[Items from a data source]
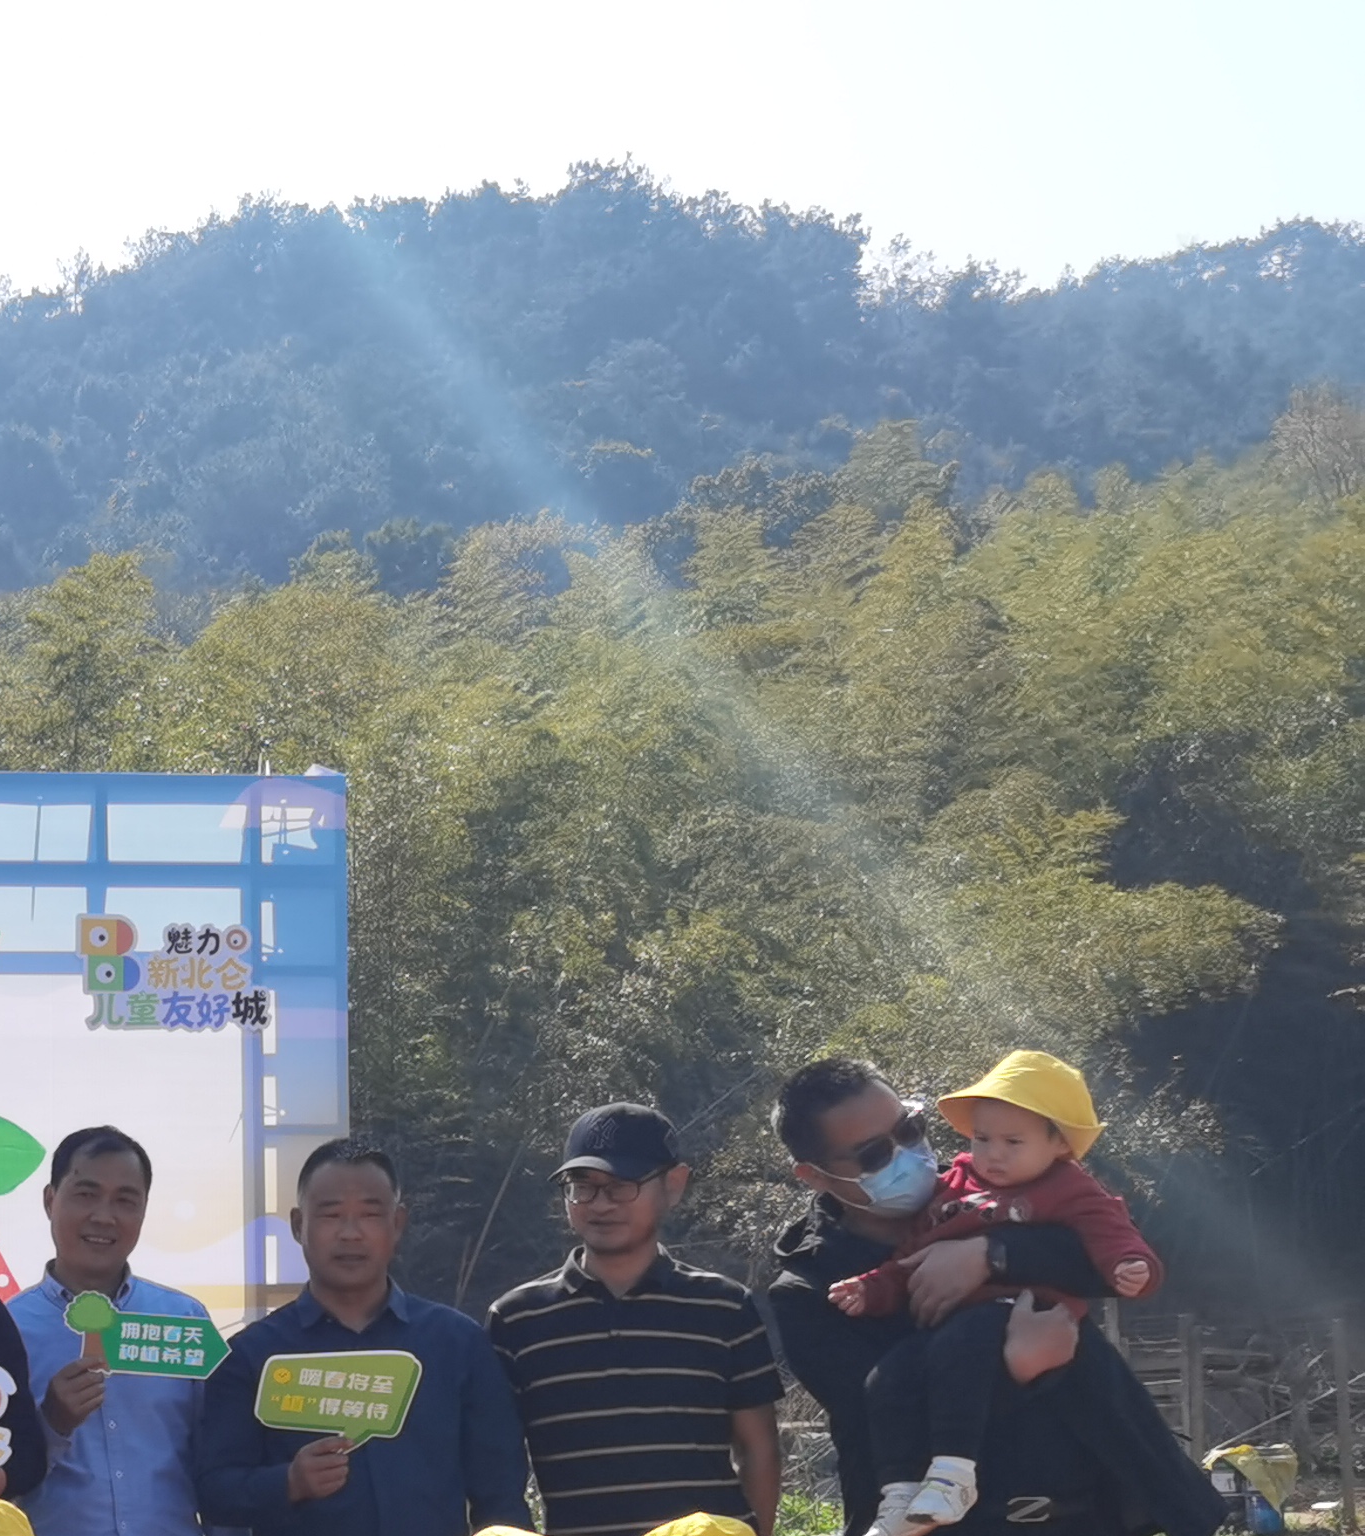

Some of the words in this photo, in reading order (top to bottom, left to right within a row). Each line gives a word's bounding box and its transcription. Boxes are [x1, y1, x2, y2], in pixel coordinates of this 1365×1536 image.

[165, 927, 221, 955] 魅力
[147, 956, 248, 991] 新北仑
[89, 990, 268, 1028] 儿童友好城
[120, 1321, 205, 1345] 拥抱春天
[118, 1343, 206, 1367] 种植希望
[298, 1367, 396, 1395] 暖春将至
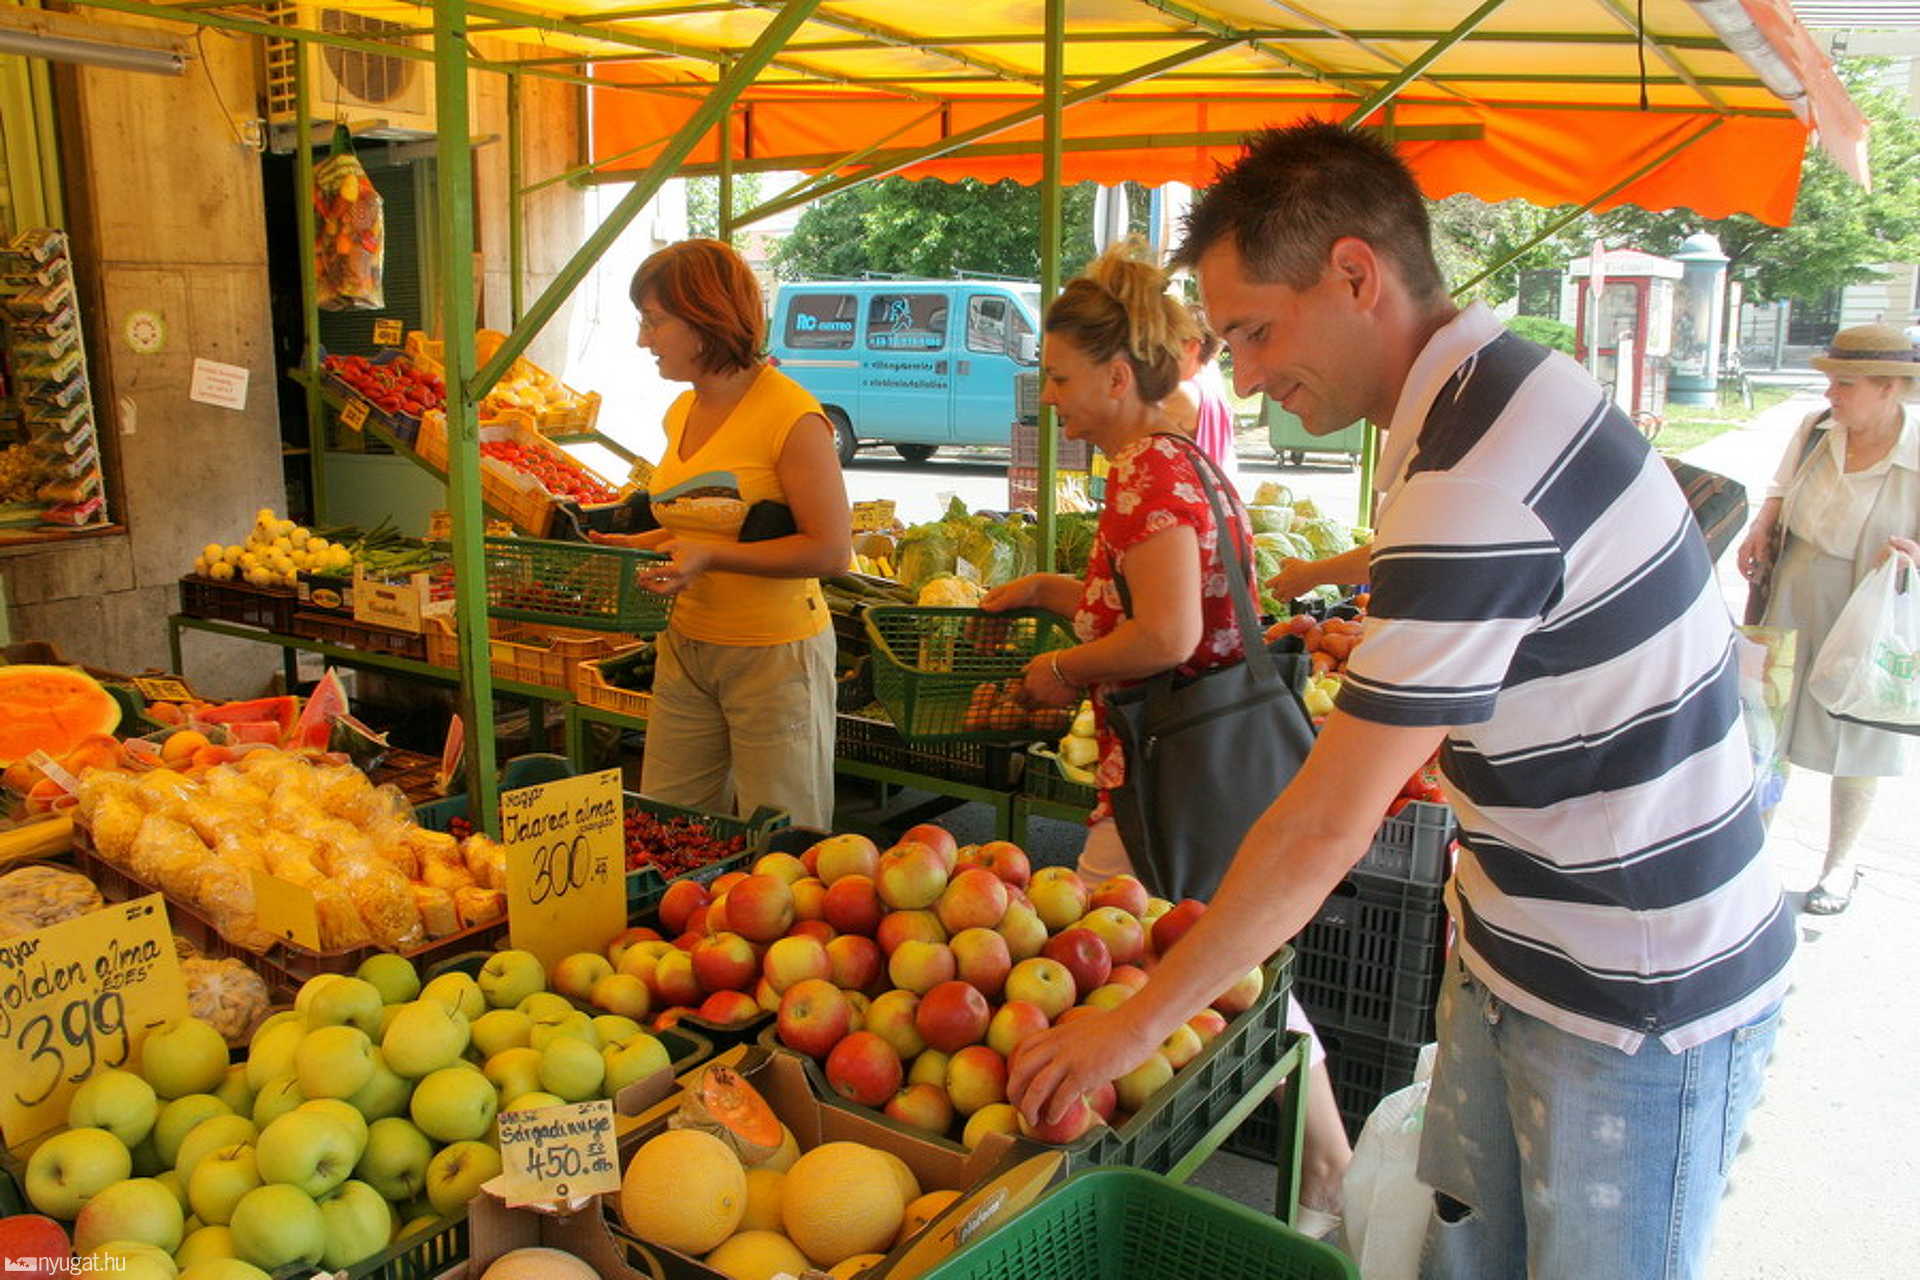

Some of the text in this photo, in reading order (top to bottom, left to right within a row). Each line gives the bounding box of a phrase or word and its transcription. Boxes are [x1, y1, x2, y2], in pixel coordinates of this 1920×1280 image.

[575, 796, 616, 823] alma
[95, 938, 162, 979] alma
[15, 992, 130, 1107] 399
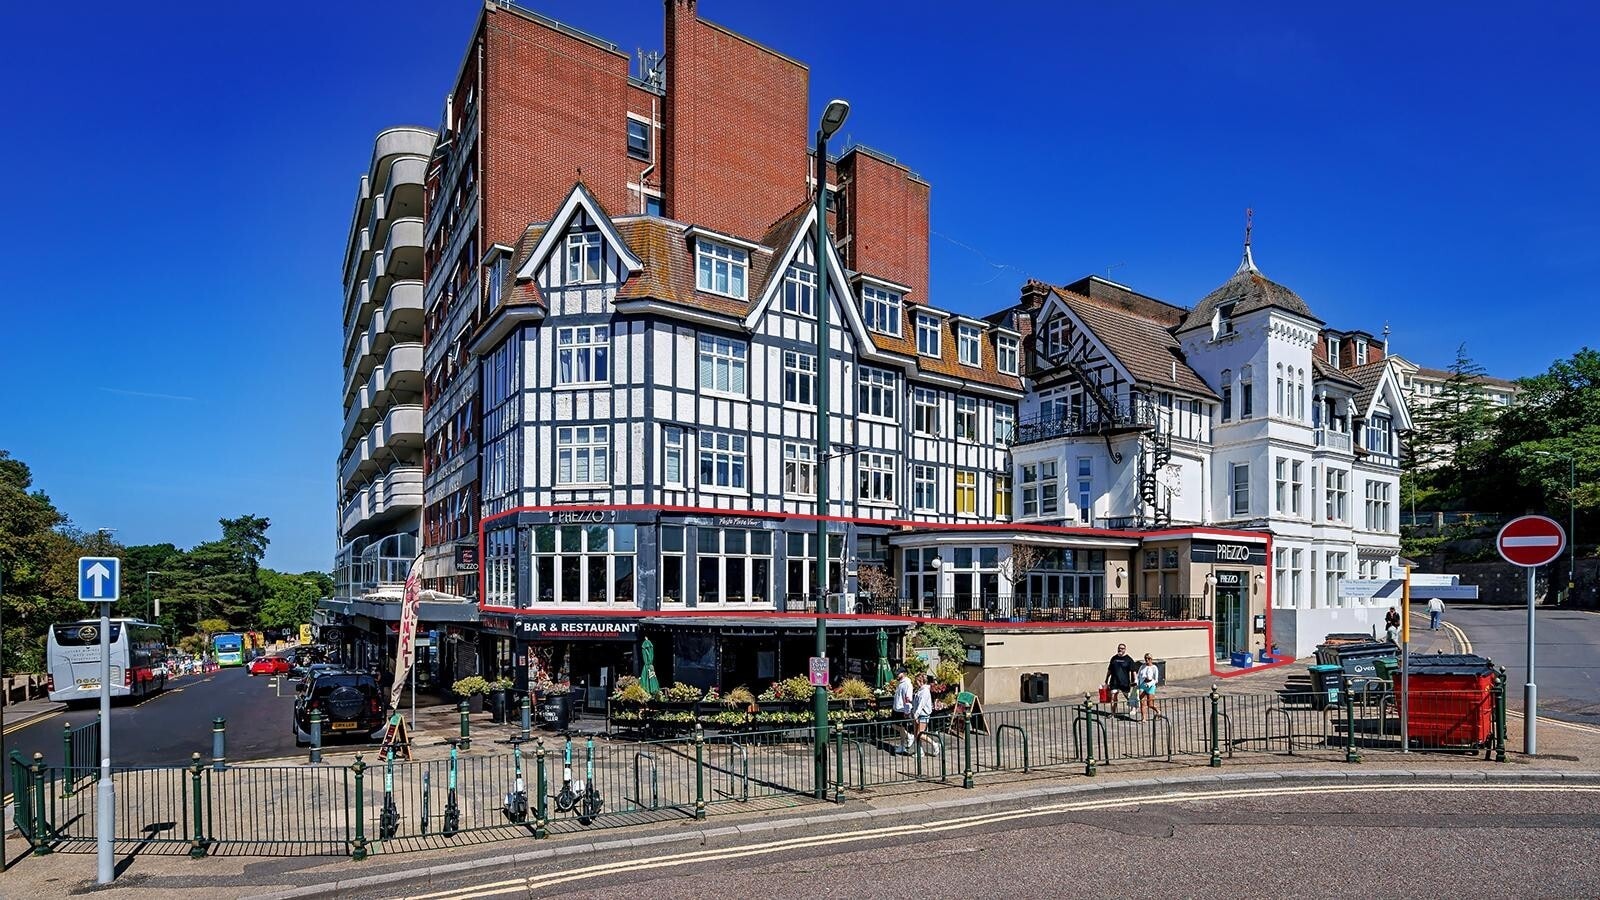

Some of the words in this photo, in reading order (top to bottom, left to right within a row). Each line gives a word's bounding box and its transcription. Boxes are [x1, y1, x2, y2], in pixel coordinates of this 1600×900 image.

- **EXERCISE GOAL**:
Print each of the records above exactly as written, leaving no picture in the copy.

- **TASK SOLUTION**:
Some of the words in this photo, in reading order (top to bottom, left to right within a row). Each line gives a word's bounding box and its transcription. Boxes are [x1, y1, x2, y2], in pixel coordinates of this 1365×1536 image.

[165, 927, 221, 955] 魅力
[147, 956, 248, 991] 新北仑
[89, 990, 268, 1028] 儿童友好城
[120, 1321, 205, 1345] 拥抱春天
[118, 1343, 206, 1367] 种植希望
[298, 1367, 396, 1395] 暖春将至

Some of the text in this photo, in reading order (top to bottom, left to right within a row). Each line gives the bounding box of a phrase or word and its transcription. Boxes are [x1, y1, x2, y2], in pixel coordinates of this 1920×1280 image.

[575, 796, 616, 823] alma
[95, 938, 162, 979] alma
[15, 992, 130, 1107] 399

Some of the words in this photo, in reading order (top to bottom, left to right within a row). Each line gives a word's bounding box and its transcription. Boxes are [x1, y1, x2, y2], in pixel coordinates of this 1600×900 image.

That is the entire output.